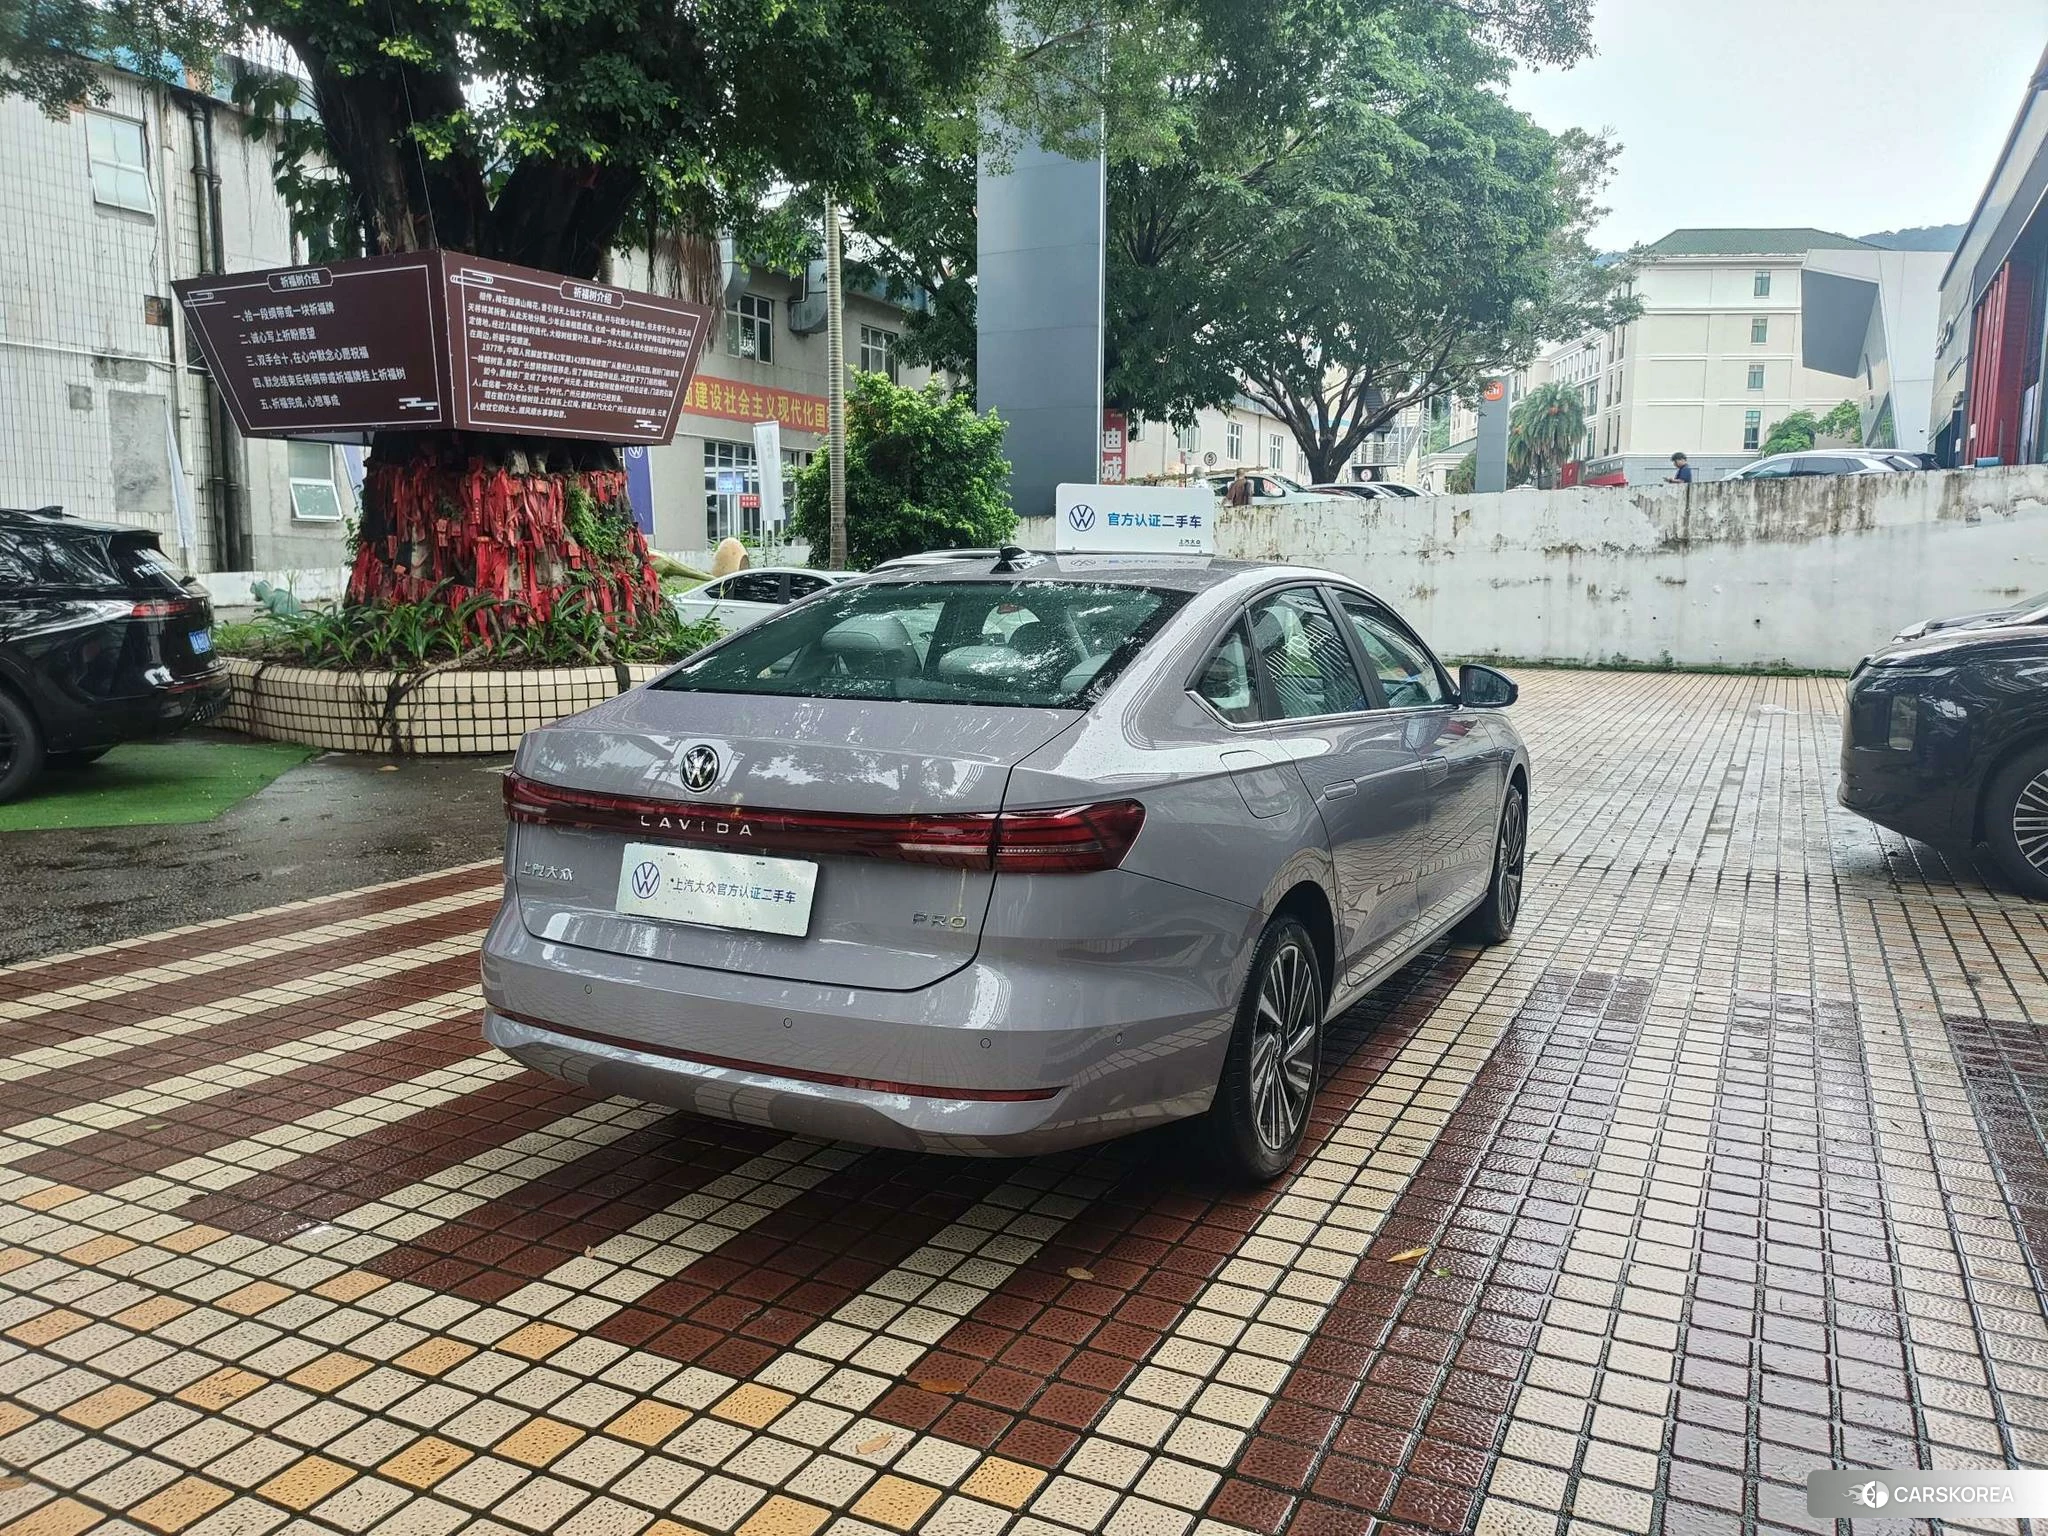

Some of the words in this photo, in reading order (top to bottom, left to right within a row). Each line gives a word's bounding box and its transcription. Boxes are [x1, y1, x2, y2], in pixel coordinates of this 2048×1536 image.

[573, 286, 613, 305] 祈福树介绍
[684, 380, 829, 429] 面建设社会主义现代化国
[1107, 512, 1202, 528] 官方认证二手车
[640, 815, 752, 837] LAVIDA
[520, 861, 574, 881] 上汽大众
[672, 877, 797, 905] 上汽大众官方认证二手车
[912, 913, 967, 929] PRO

+ + + +

INSTRUCTIONS TO FOLLOW ▸ Every entry above needs to be copied exactly, apart from its pictures.

YOUR SOLUTION ▸
Some of the words in this photo, in reading order (top to bottom, left to right within a row). Each line gives a word's bounding box and its transcription. Boxes are [x1, y1, x2, y2], in pixel coordinates of this 2048×1536 image.

[573, 286, 613, 305] 祈福树介绍
[684, 380, 829, 429] 面建设社会主义现代化国
[1107, 512, 1202, 528] 官方认证二手车
[640, 815, 752, 837] LAVIDA
[520, 861, 574, 881] 上汽大众
[672, 877, 797, 905] 上汽大众官方认证二手车
[912, 913, 967, 929] PRO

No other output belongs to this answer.